Blue Origin si prepara a lanciare il razzo suborbitale New Shepard per la missione NS-29, il primo volo dell’azienda nel 2025. Il lancio, originariamente previsto ieri, 28 gennaio, ha subito un ritardo a causa di un problema tecnico ai sistemi avionici e per condizioni meteo avverse. Se tutto andrà secondo i piani, il razzo partirà entro il 31 gennaio dal Launch Site One, nel Texas occidentale.
La missione trasporterà 30 esperimenti scientifici, 29 dei quali dedicati alla ricerca di tecnologie per future missioni sulla Luna. Tra questi, 17 sono stati sviluppati dalla NASA per testare strumenti, sistemi di ancoraggio e dispositivi per la gestione della polvere lunare. Uno degli obiettivi principali della missione sarà simulare la gravità lunare attraverso una particolare manovra rotazionale.
La simulazione della gravità lunare
Per generare una gravità simile a quella della Luna la capsula di New Shepard attiverà i suoi propulsori di controllo assetto per raggiungere una velocità di rotazione di 11 giri al minuto. Questa fase del volo, che durerà circa 2 minuti, consentirà agli scienziati di testare come si comportano le loro tecnologie in condizioni di bassa gravità prima di inviarle sulla superficie lunare.
Gli esperimenti a bordo della Missione NS-29
Tra gli esperimenti più rilevanti della missione troviamo:
- Electrostatic Dust Lofting (NASA Kennedy Space Center) – Studia come la polvere lunare si carica elettricamente e si solleva quando esposta alla luce ultravioletta;
- Fluidic Operations in Reduced Gravity Experiment (NASA Jet Propulsion Laboratory) – Analizza la gestione di gas e liquidi nello Spazio;
- Honey Bubble Excitation Experiment (Honeybee Robotics) – Esamina il comportamento delle bolle in liquidi densi sulla superficie lunare;
- Soil Properties Assessment Resistance and Thermal Analysis (JPL) – Testa strumenti per l’analisi geomeccanica sotto la superficie lunare;
- Lunar-g Combustion Investigation (NASA Glenn Research Center) – Studia il comportamento dei materiali in combustione in condizioni di gravità lunare;
- Film Evaporation MEMS Tunable Array Micropropulsion System (Purdue University) – Testa un nuovo micropropulsore a base d’acqua per piccoli satelliti.

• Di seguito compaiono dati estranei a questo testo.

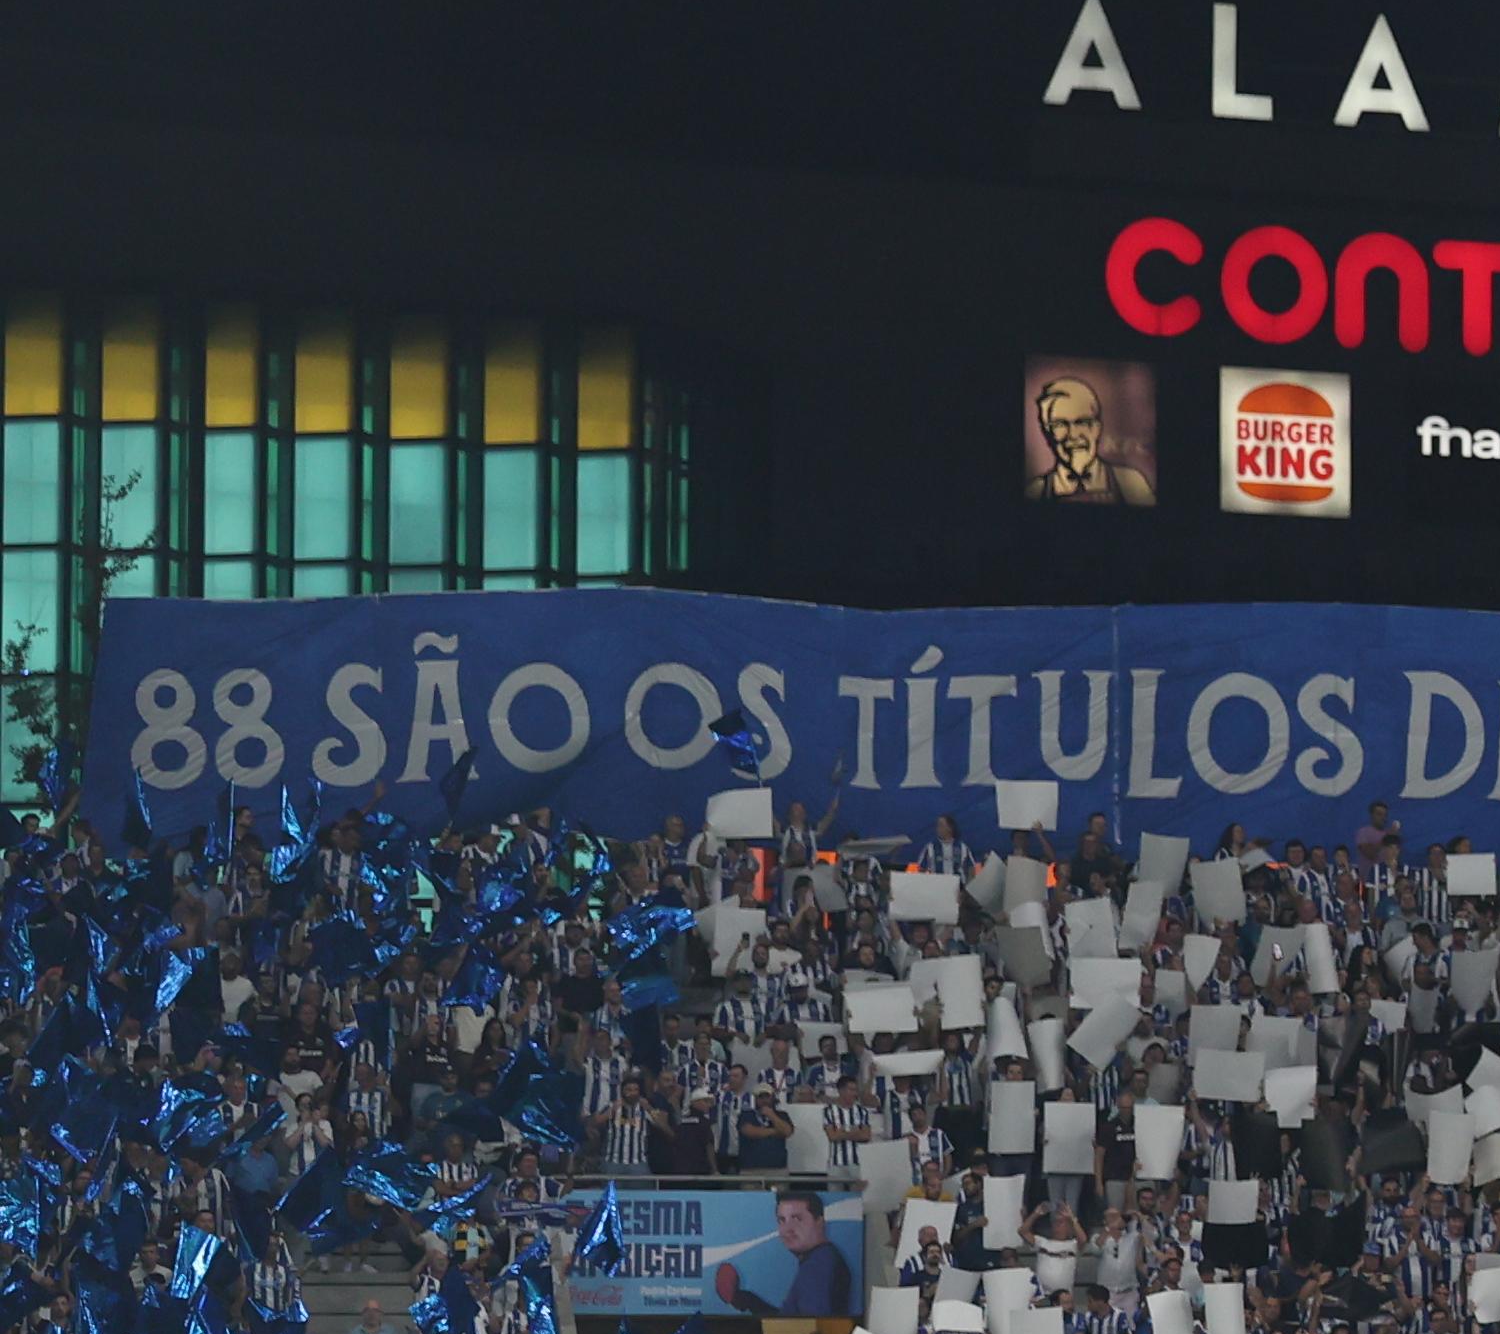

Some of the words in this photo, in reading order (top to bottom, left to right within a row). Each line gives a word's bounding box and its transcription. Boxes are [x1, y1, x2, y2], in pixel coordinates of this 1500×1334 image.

[1236, 418, 1335, 446] BURGER
[1236, 443, 1334, 480] KING
[129, 667, 287, 791] 88
[311, 630, 591, 790] SÃO
[622, 662, 792, 780] OS
[838, 645, 1364, 801] TÍTULOS
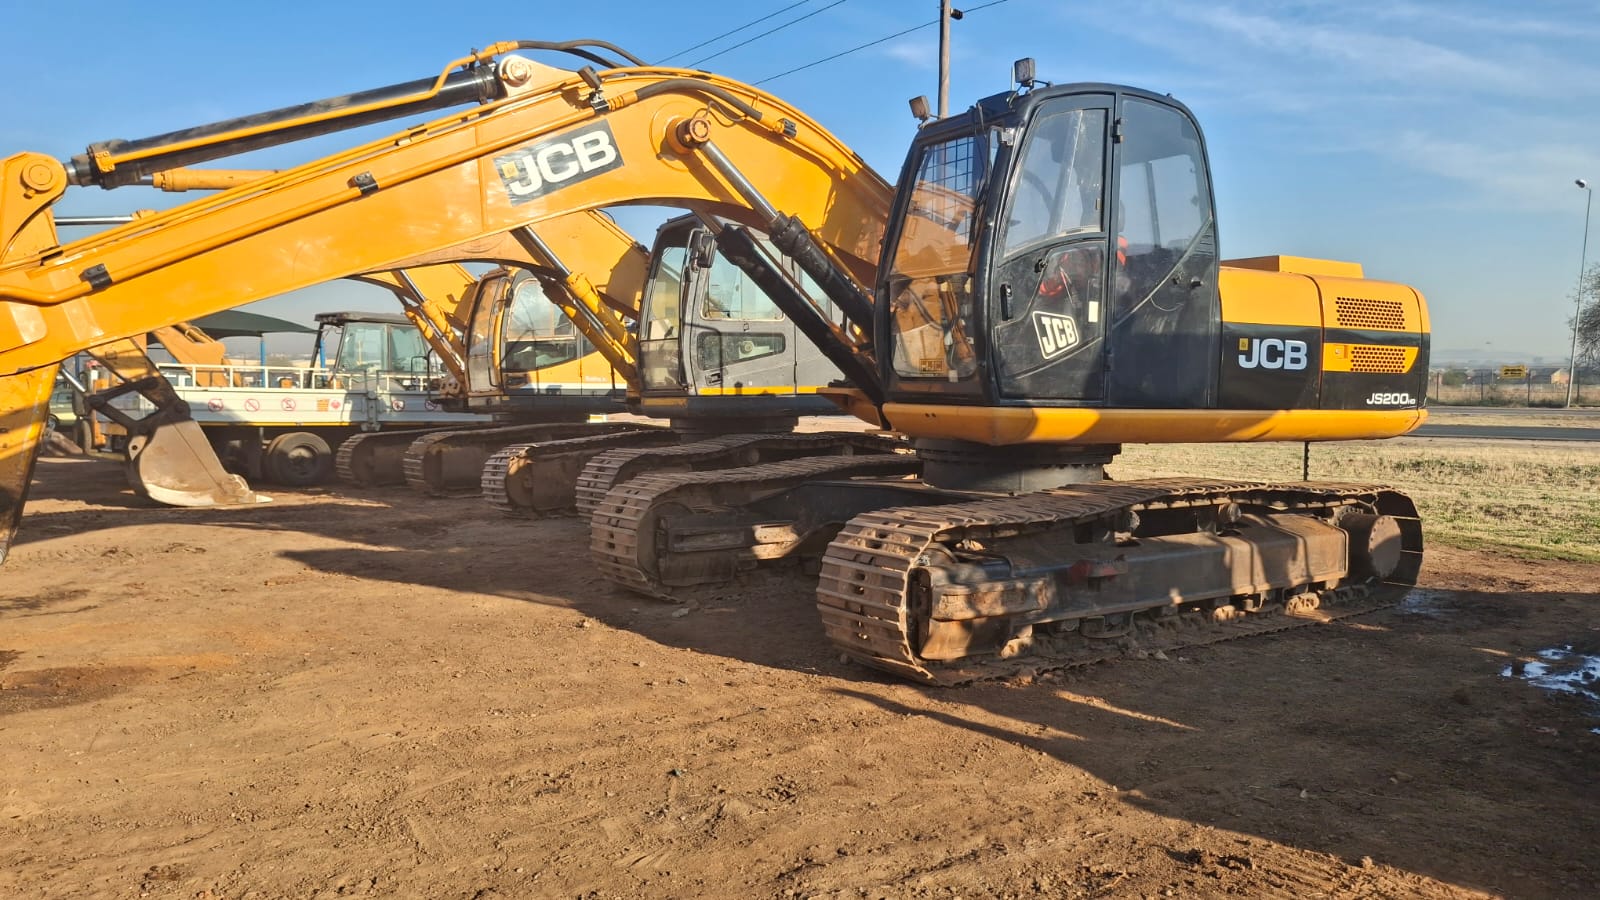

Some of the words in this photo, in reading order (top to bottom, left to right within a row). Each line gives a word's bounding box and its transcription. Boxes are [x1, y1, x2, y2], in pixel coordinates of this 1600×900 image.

[509, 130, 617, 195] JCB
[1041, 316, 1076, 354] JCB
[1238, 338, 1307, 370] JCB
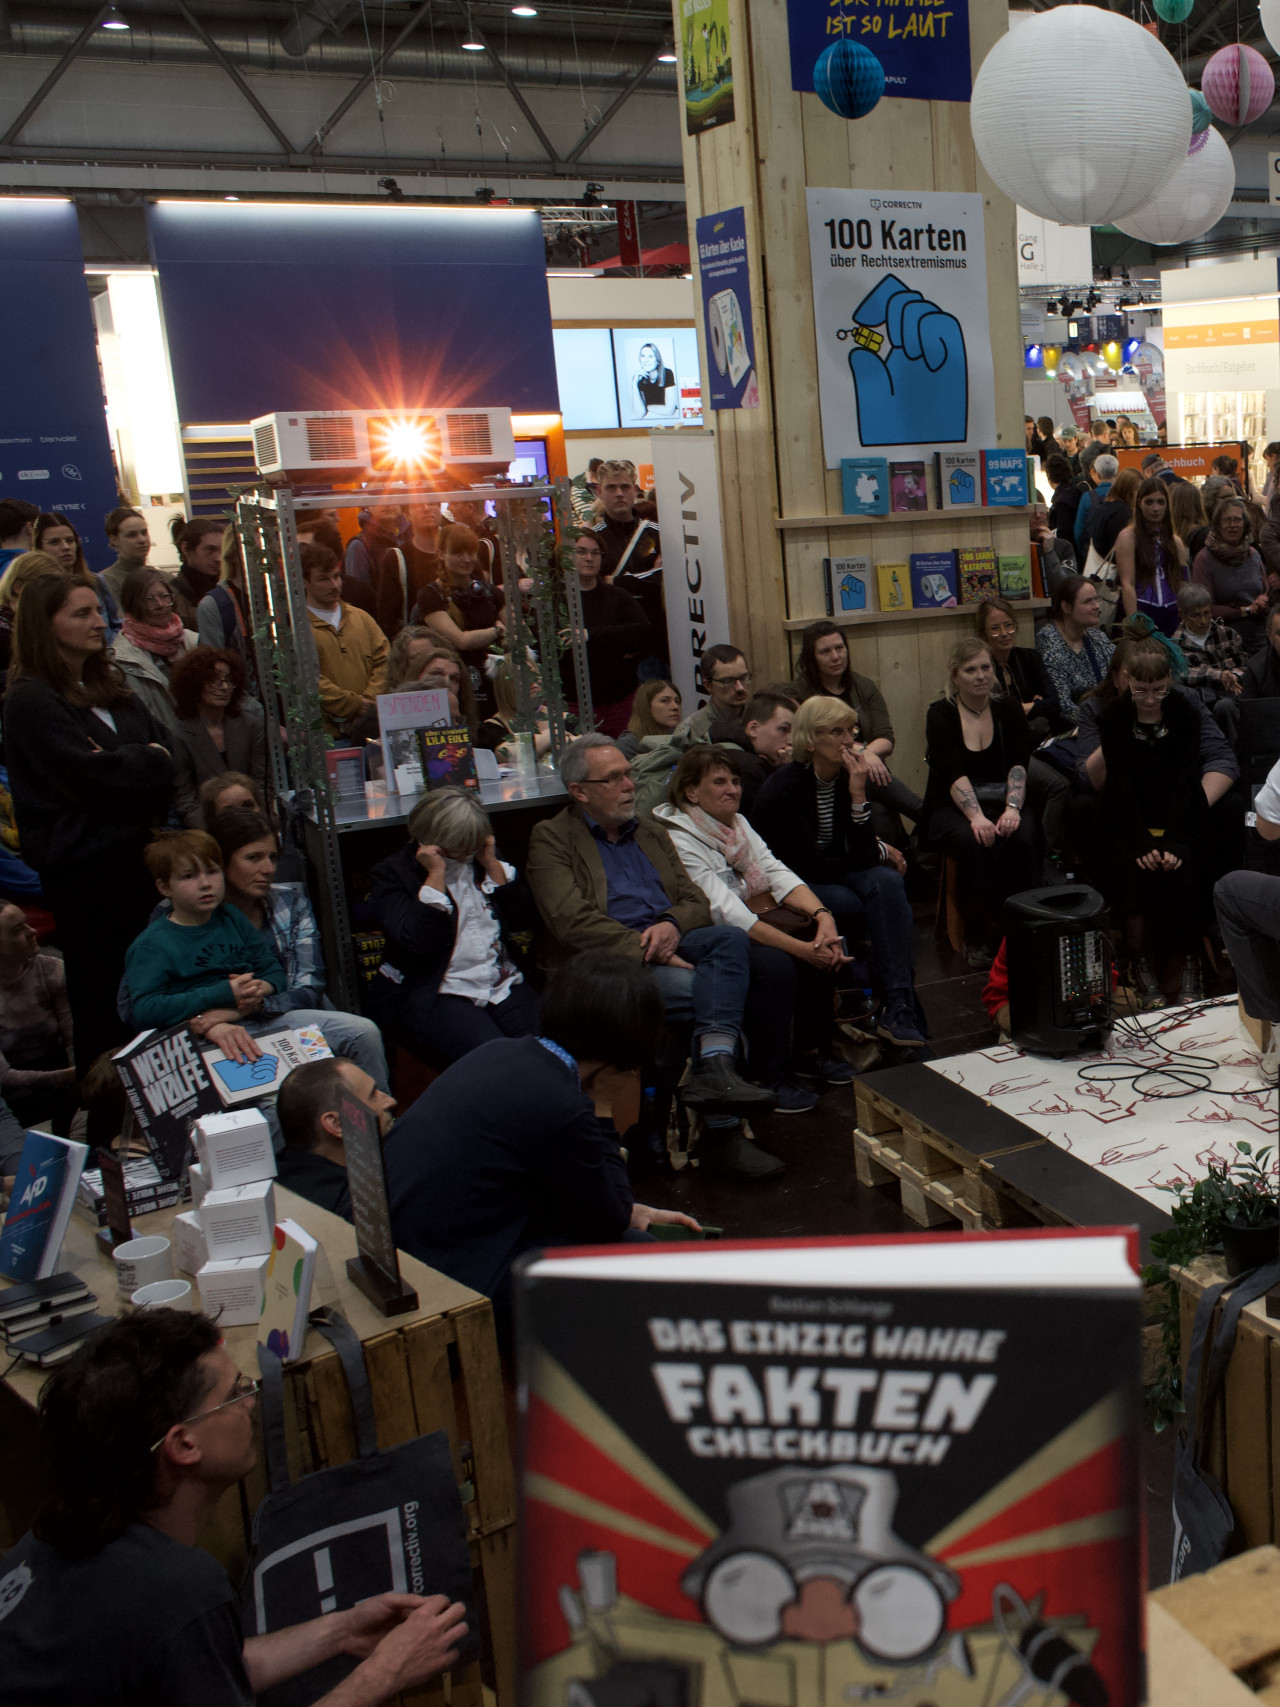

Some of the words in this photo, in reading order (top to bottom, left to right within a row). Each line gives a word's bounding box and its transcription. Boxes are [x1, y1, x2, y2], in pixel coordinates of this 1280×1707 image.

Una missione di breve durata, ma di grande impatto
Se il volo seguirà la classica traiettoria di New Shepard, l’intera missione durerà circa 10-11 minuti. Dopo il decollo, il booster del razzo si separerà dalla capsula e rientrerà per un atterraggio verticale controllato. La capsula, invece, proseguirà oltre la linea di Kármán (100 km di altitudine, considerata il confine dello Spazio) per poi rientrare sulla Terra con un atterraggio assistito da paracadute.
Possibili ritardi e prospettive future
Nonostante le speranze di Blue Origin di effettuare il lancio nei tempi previsti, la missione potrebbe subire ulteriori rinvii. Secondo la Federal Aviation Administration (FAA), l’azienda ha tempo fino alla fine del 31 gennaio per tentare il lancio. Se il problema tecnico non sarà risolto in tempo o se le condizioni meteorologiche rimarranno sfavorevoli, il volo potrebbe essere posticipato ulteriormente.
La missione NS-29 rappresenta un passo cruciale per la ricerca e lo sviluppo di tecnologie destinate al programma Artemis della NASA, che mira a riportare gli astronauti sulla Luna entro il 2027.